October 23, 2015 | By Kit Walsh

Senators Probe Copyright’s Impact on Software-Enabled Devices

Senators Grassley and Leahy, the Chairman and Ranking Member of the Committee on the Judiciary, have published a letter to the Copyright Office asking it to analyze the impact of copyright law on “software-enabled devices” (such as cars, phones, drones, appliances, and many more products with embedded computer systems). This issue is crucial because technology and the law have evolved in a way that no one could have intended when Congress wrote the present copyright laws, and that evolution has restricted customers’ freedoms to repair, understand, and improve on the devices they buy.

Many problems with the current state of the law have been catalogued: Security researchers, patients with networked medical devices, smart phone owners who want to switch carriers or to improve their phones, and auto repair communities have all come forward asking for relief from one of the most problematic laws, Section 1201 of the Digital Millennium Copyright Act. And those communities represent just a handful of the twenty-seven categories being considered for exemption from Section 1201 in this one proceeding.
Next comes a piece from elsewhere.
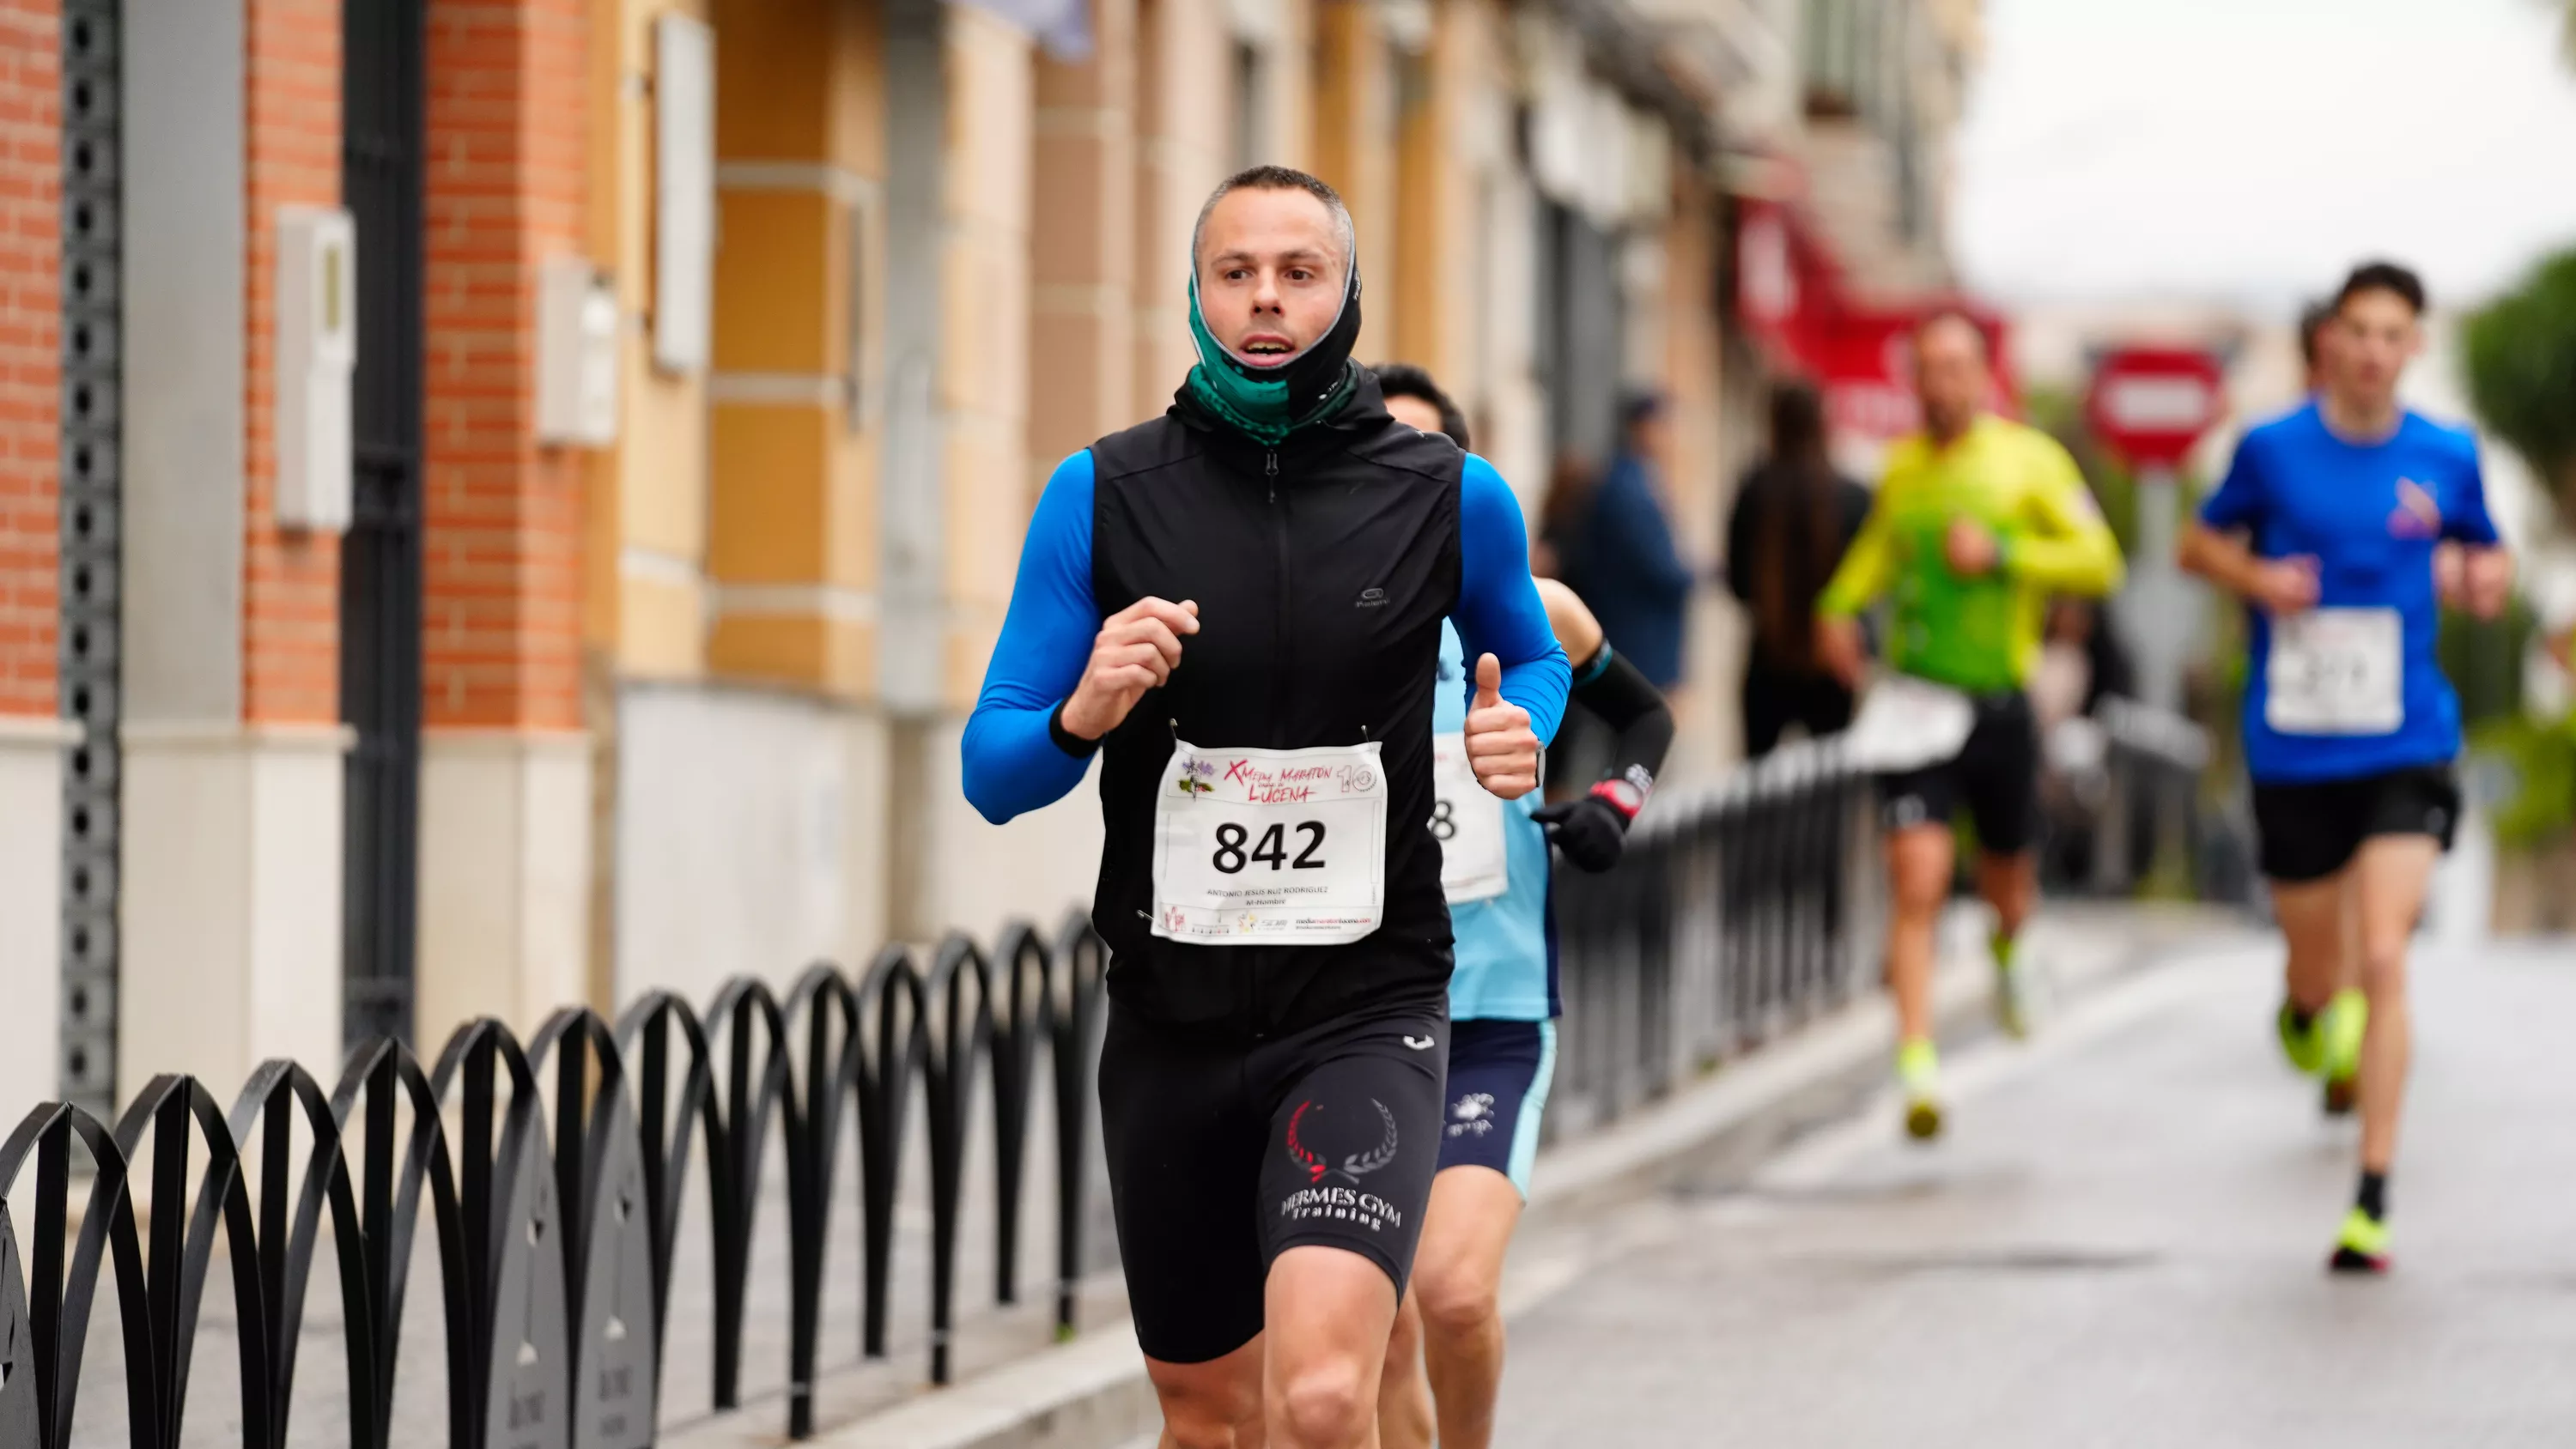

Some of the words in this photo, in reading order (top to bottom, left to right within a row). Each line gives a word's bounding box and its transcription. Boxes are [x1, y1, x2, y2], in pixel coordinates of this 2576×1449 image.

We’re pleased to see the senators expressing an interest in the problems posed by copyright in software-enabled devices, and we will continue to push for copyright reform as this process unfolds. In our view, there is already an extensive record establishing the need to rein in Section 1201, to protect device owners from copyright abuse enabled by end-user license “agreements,” and to pass other reforms that would generally improve copyright law such as reducing statutory damages and the length of time that copyrights remain in force.

At this time, the senators are not proposing any particular reforms, merely asking the Copyright Office to conduct a study and take input from the public. In particular, they ask the Copyright Office to report on:

  • the provisions of the copyright law that are implicated by the ubiquity of copyrighted software in everyday products;
  • whether, and to what extent, the design, distribution, and legitimate uses of products are being enabled and/or frustrated by the application of existing copyright law to software in everyday products;
  • whether, and to what extent, innovative services are being enabled and/or frustrated by the application of existing copyright law to software in everyday products;
  • whether, and to what extent, legitimate interests or business models for copyright owners and users could be undermined or improved by changes to the copyright law in this area; and
  • identify key issues in how the copyright law intersects with other areas of law in establishing how products that rely on software to function can be lawfully used.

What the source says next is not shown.